Despite the differences in their experimental and modeling approaches, both studies come to a similar conclusion: that in-plane compressive stress causes the ventral side of the embryo to ‘buckle’, resulting in VFF. Guo et al. describe this as a result of lateral stress from ectodermal cell shortening, whereas Fierling et al. identify embryo-scale surface tension as the cause of buckling. Together, these studies support a model in which compression of the embryo's ventral surface from the sides causes it to buckle and ‘snap through’, resulting in the tissue-scale deformation that forms the VF. Notably, the model proposed by Fierling et al. does not require the 3D geometrical shape change of individual cells (e.g. cell wedging), as demonstrated by the acellular model presented in this study and as highlighted experimentally in studies of Drosophila mutants that fail to cellularize but still form a VF (Fierling et al., 2021 preprint; He et al., 2014).

These findings highlight the importance of tissue-scale mechanical forces in morphogenesis independent of individual cell behaviors. However, tissue-scale forces can in turn influence cell behaviors that drive further tissue- and embryo-scale shape changes. A third preprint by Camuglia and colleagues (Camuglia et al., 2022 preprint) similarly describes how mechanical forces produced by mesoderm invagination ultimately determine the orientation of cell divisions independently of planar cell polarity cues.

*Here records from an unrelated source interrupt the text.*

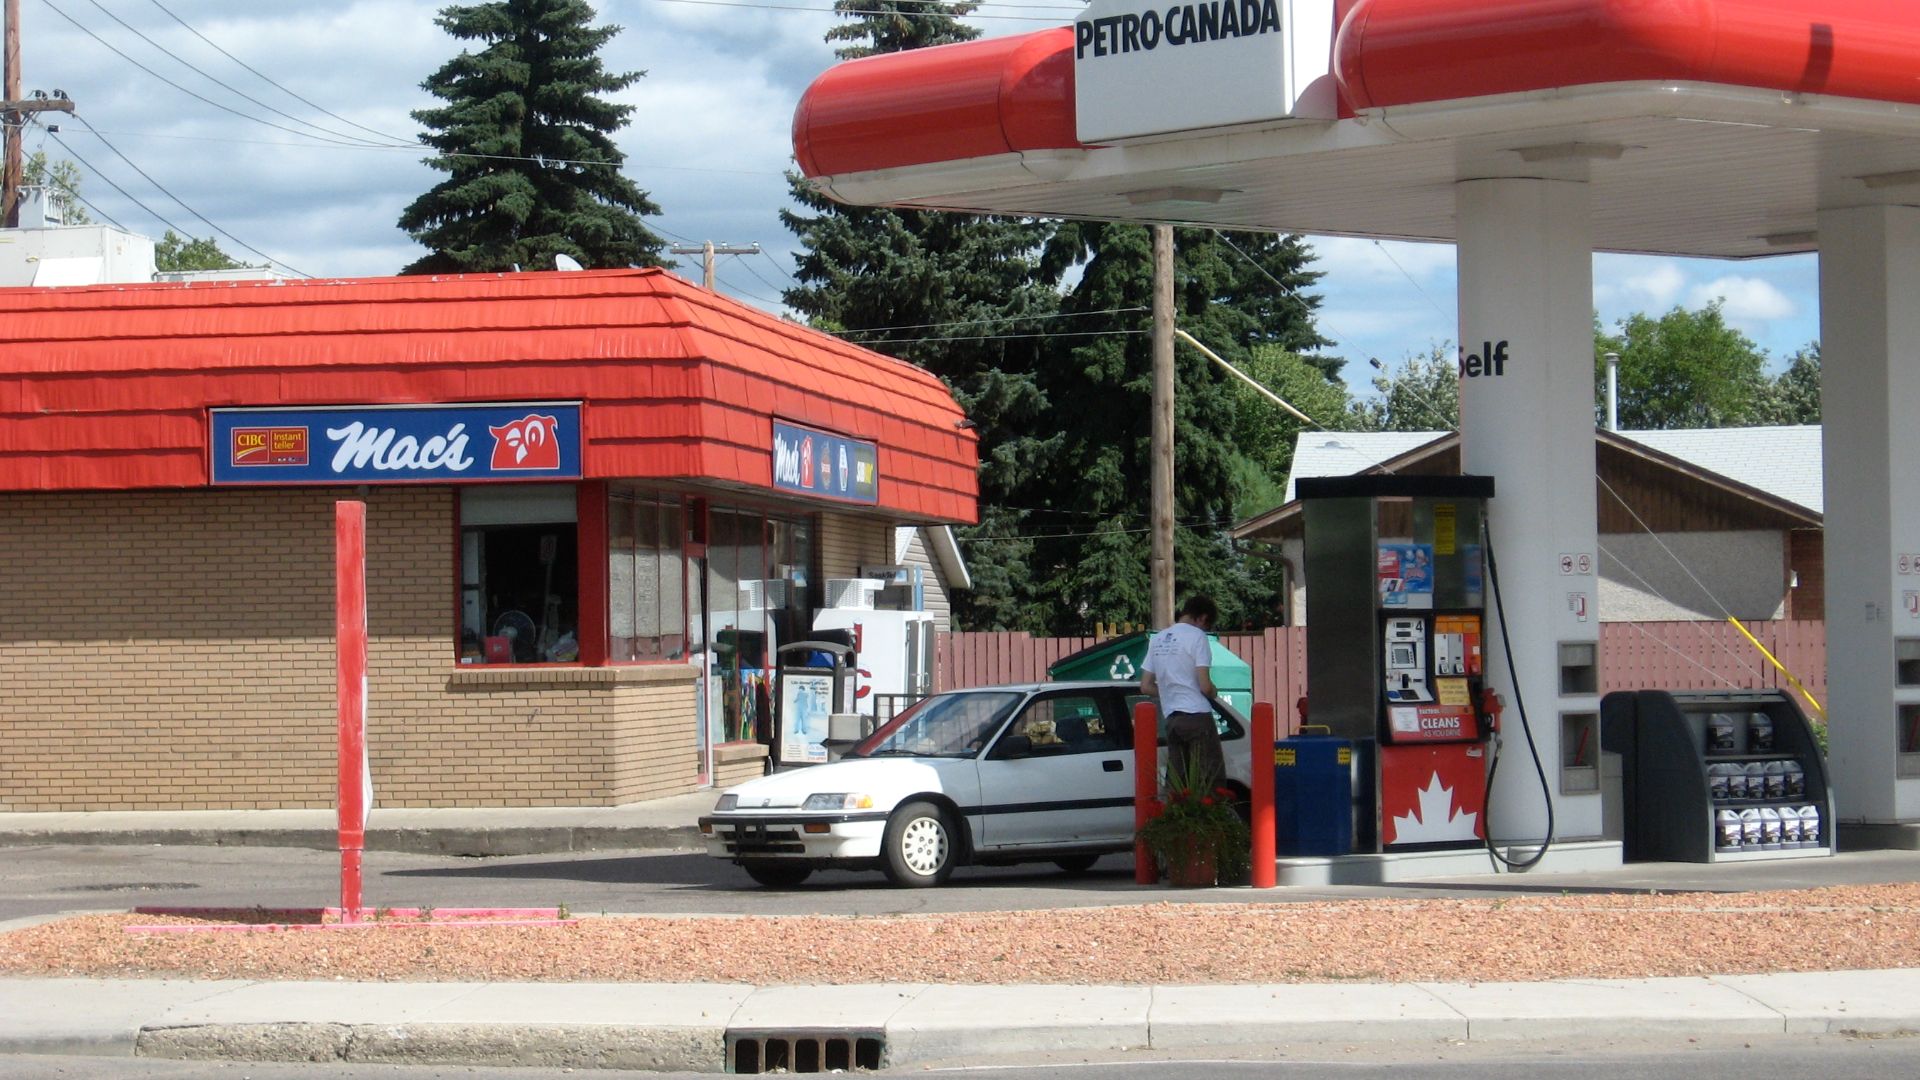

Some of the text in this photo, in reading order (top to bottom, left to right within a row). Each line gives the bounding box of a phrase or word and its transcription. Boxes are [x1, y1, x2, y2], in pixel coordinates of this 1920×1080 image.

[1076, 0, 1281, 59] PETRO-CANADA
[237, 434, 266, 446] CIBC
[273, 433, 302, 441] Instant
[274, 441, 295, 450] teller
[326, 421, 475, 473] Mac's
[1415, 620, 1423, 632] 4
[1421, 717, 1460, 730] CLEANS
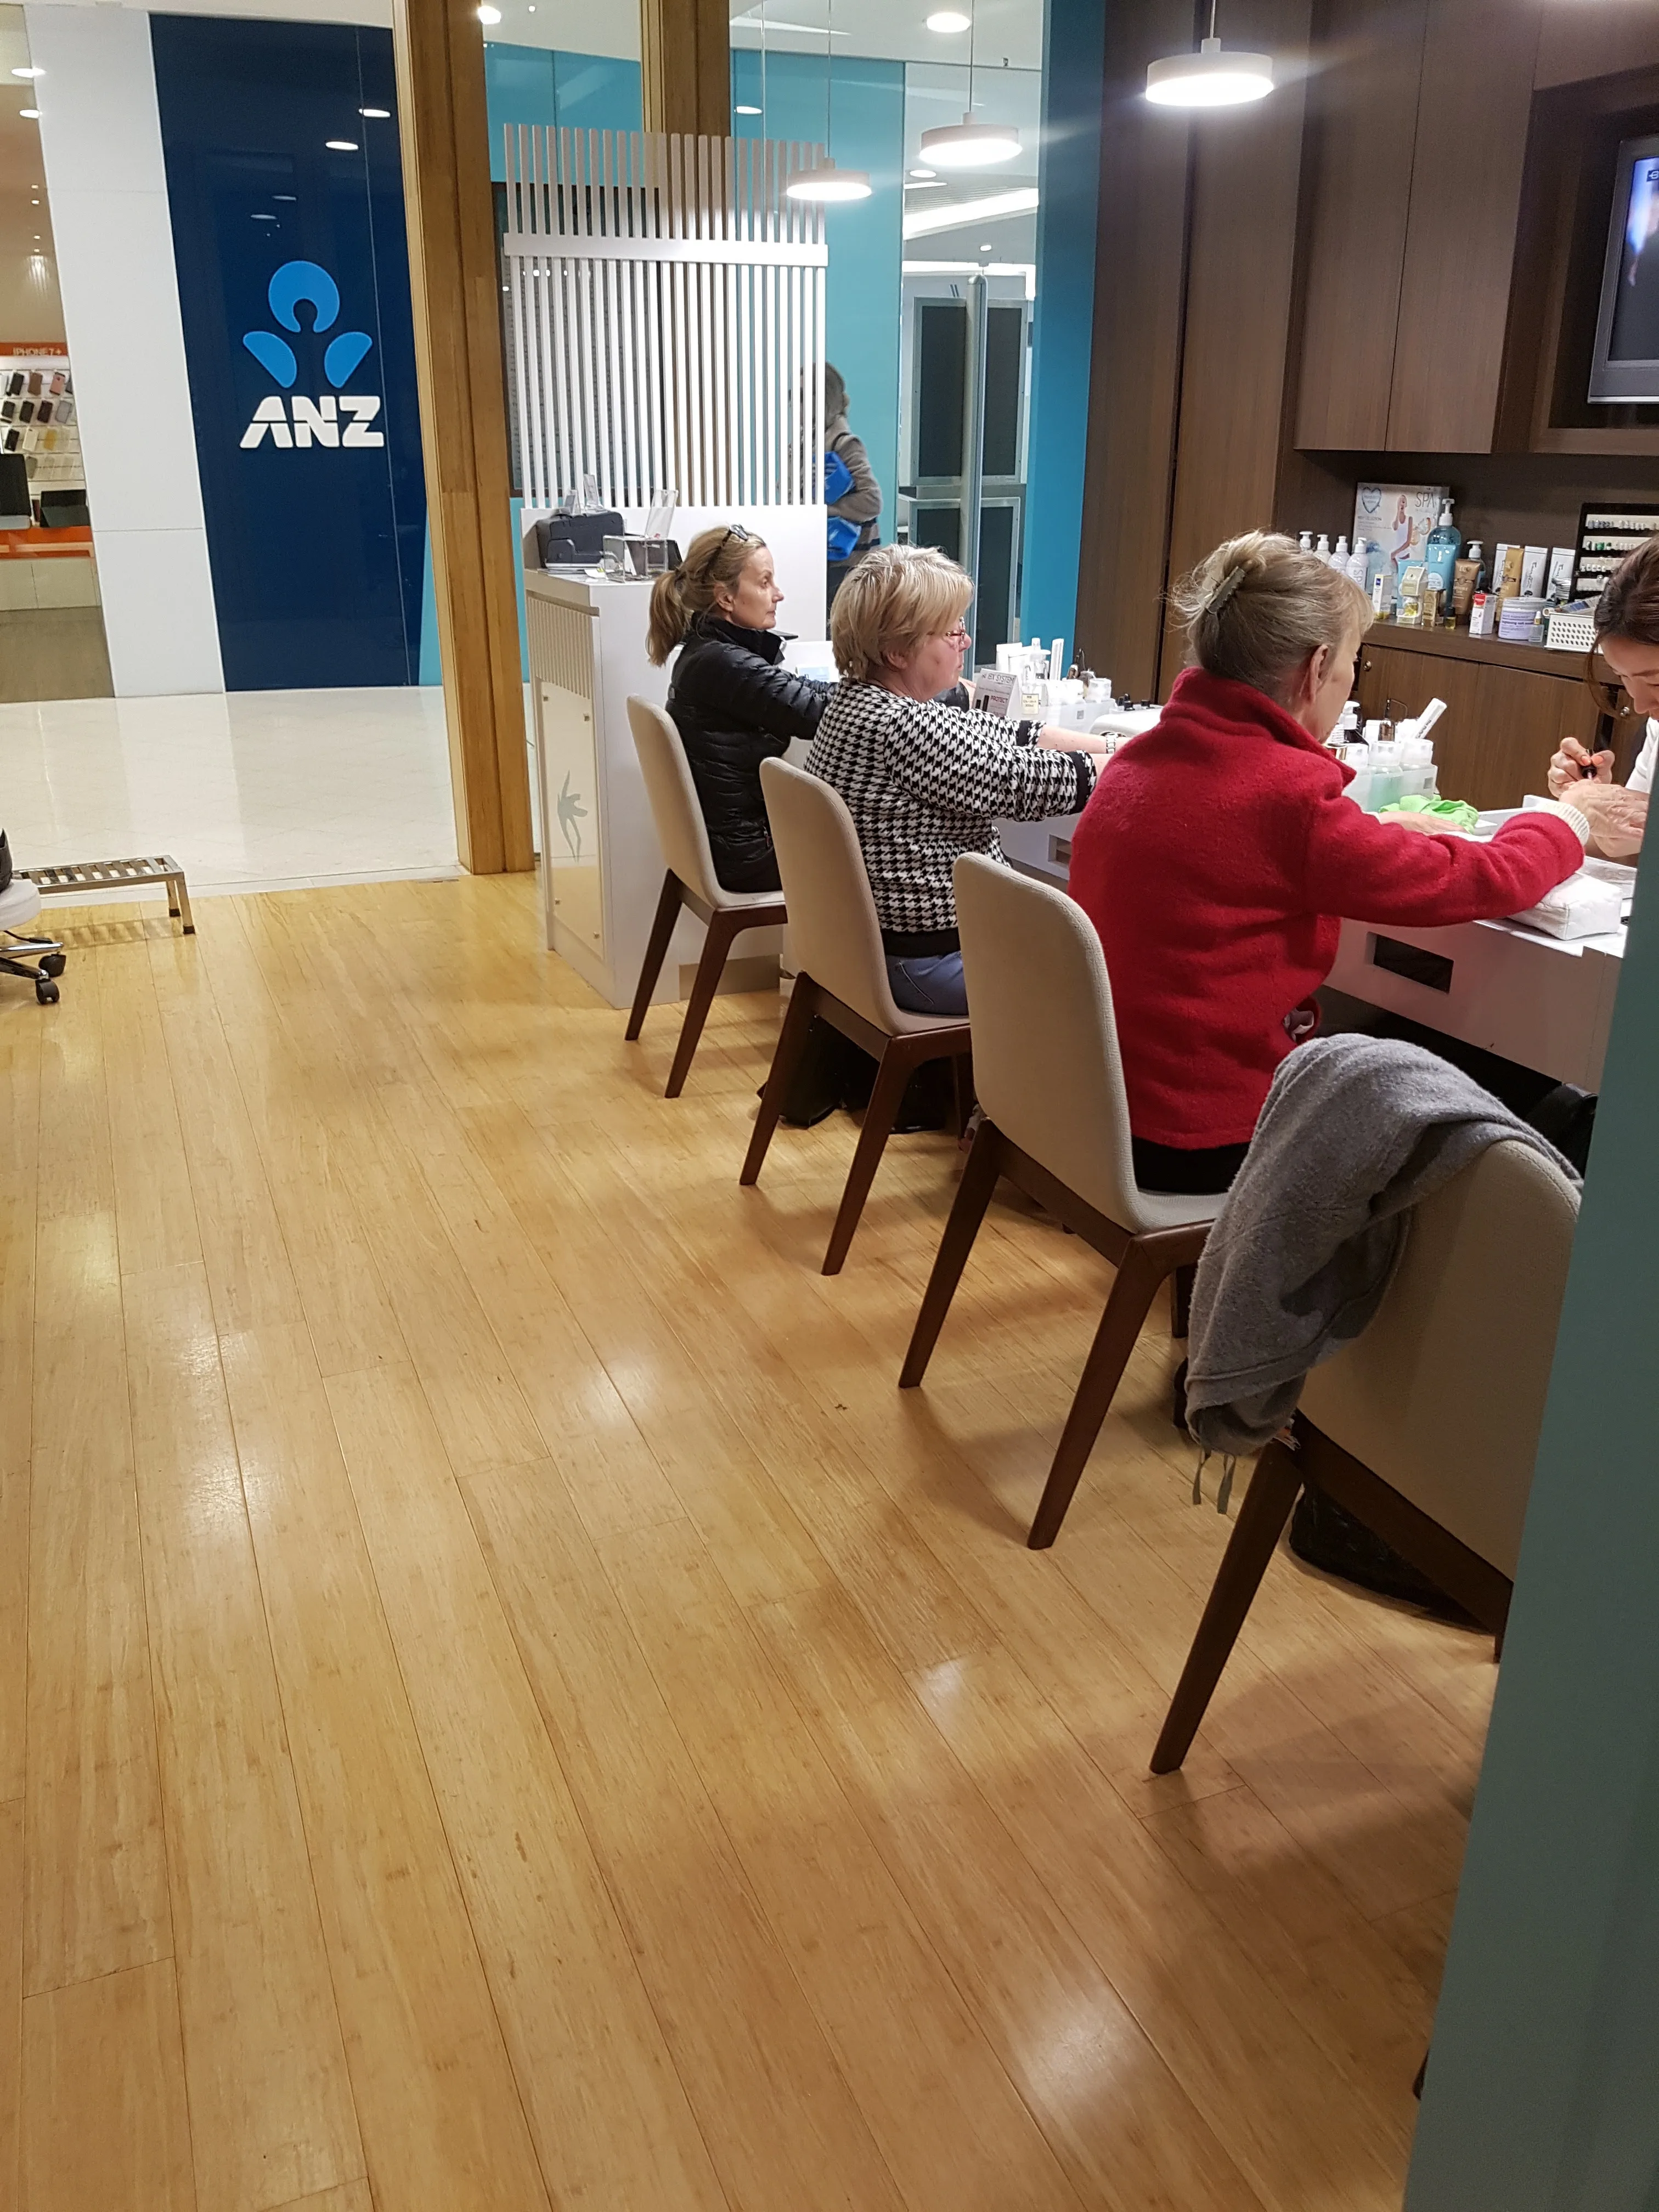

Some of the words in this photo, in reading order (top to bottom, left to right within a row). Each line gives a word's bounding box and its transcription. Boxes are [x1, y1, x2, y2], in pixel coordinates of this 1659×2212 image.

[240, 396, 384, 448] ANZ
[1415, 492, 1435, 508] SPA
[996, 674, 1015, 684] SYSTEM
[991, 695, 1008, 703] PROTECT
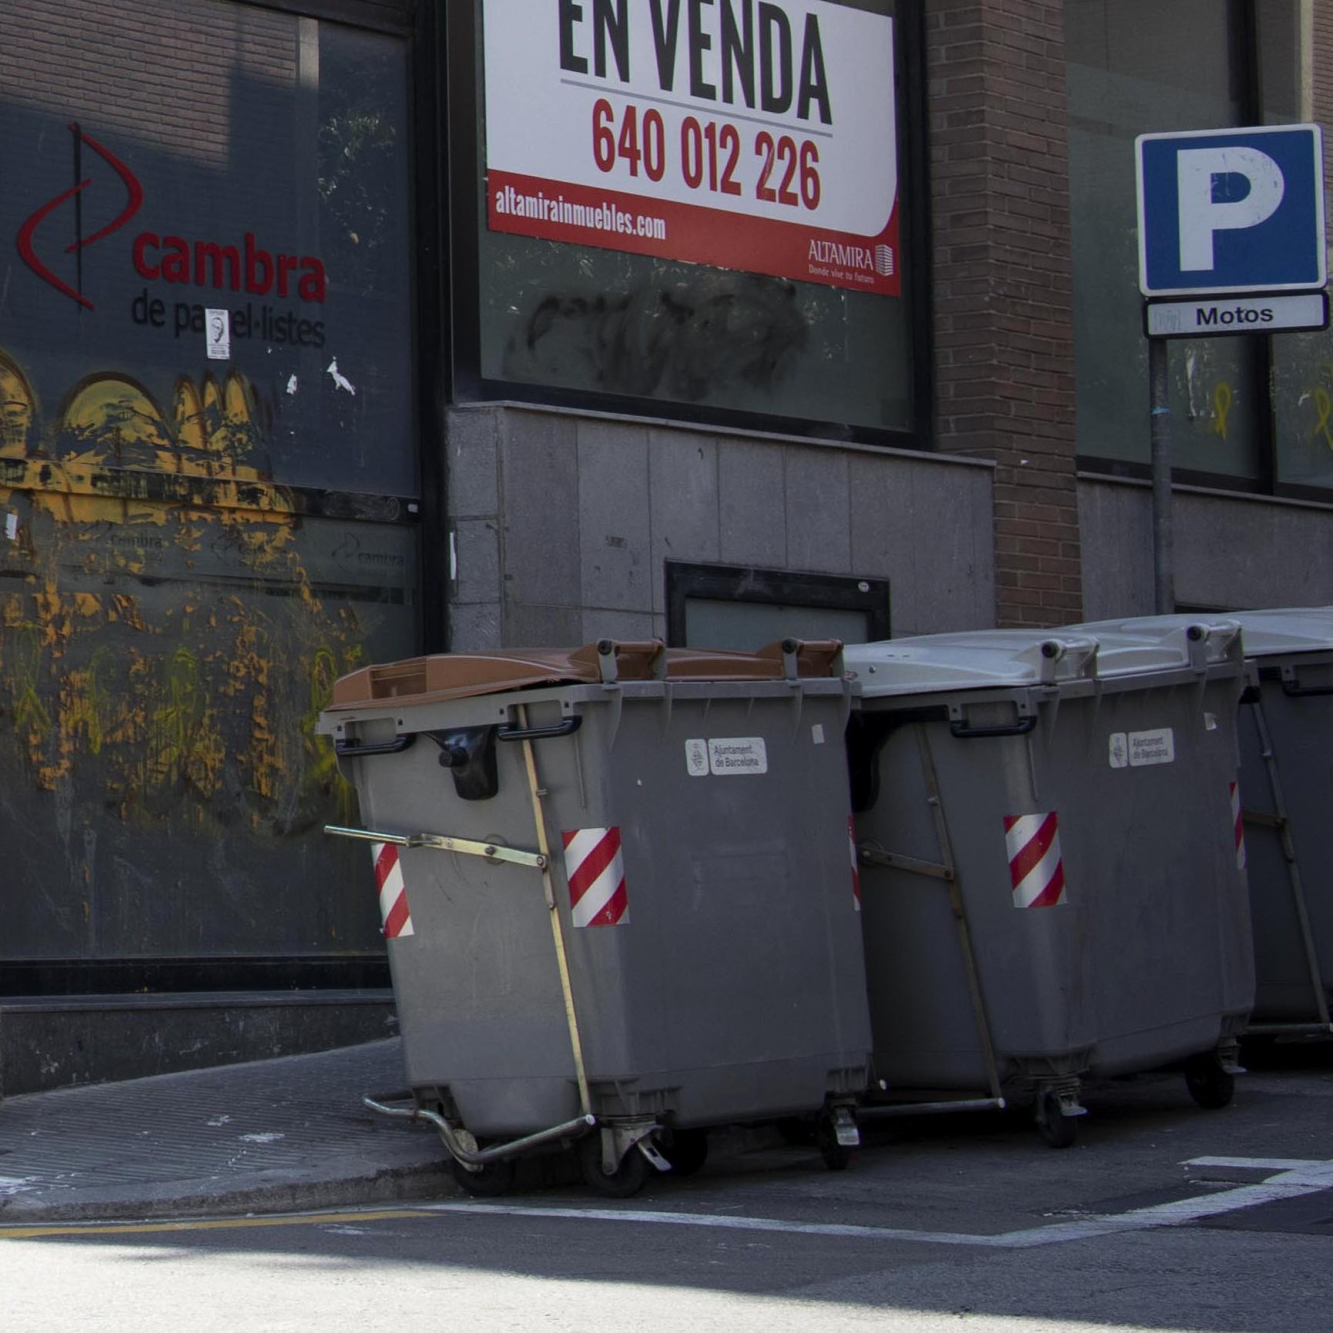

The Drosophila gastrula contains several mitotic domains, clusters of cells that divide in stereotyped spatial and temporal patterns. Among these, domains 1, 3 and 5 exhibit divisions in which the mitotic spindle is oriented along the AP axis, but the underlying mechanisms of this orientation were unknown. Camuglia et al. find that the cell polarity protein Pins exhibits planar polarized distribution with mitotic domain 1, 3, and 5 cells, and that this polarized distribution precedes spindle orientation in these cells. Overexpression of a membrane targeted Pins not only disrupts Pins localization, but also randomizes spindle orientation, demonstrating that Pins localization dictates the polarity of cell divisions. The authors find that Pins localization does not require planar cell polarity signaling or the positional code of Toll-like receptors that drive planar polarized cell intercalations in the germ band (Paré et al., 2014). Instead, they determine that mechanical isolation of the mitotic domains blocks Pins localization and disrupts oriented divisions. Using snail knockdown, they show that both Pins localization and oriented cell divisions are disrupted when VFF and mesoderm invagination are blocked. Together, these results indicate that mechanical forces produced during mesoderm invagination serve as a polarity cue to promote localization of the Pins polarity protein and, ultimately, the orientation of cell divisions.

These three studies contribute to a substantial body of evidence suggesting that mechanical forces regulate gastrulation morphogenesis and that this role is highly conserved among invertebrate and vertebrate embryos. Indeed, two additional recent preprints report that primitive streak formation and the associated ‘polonaise movements’ in chick gastrulae result from a balance of tissue contraction in the posterior region and tension in the anterior region of the embryo (Serra et al., 2021 preprint; Caldarelli et al., 2021 preprint). Even clusters of pluripotent cells, both in two- and three-dimensional culture, activate Wnt/β-catenin signaling and ultimately mesoderm differentiation at sites of increased tissue tension (Muncie et al., 2020; Sagy et al., 2019). It is increasingly clear that a more complete understanding of early embryonic development will require further study of the integration of chemical signaling, gene expression and tissue mechanics.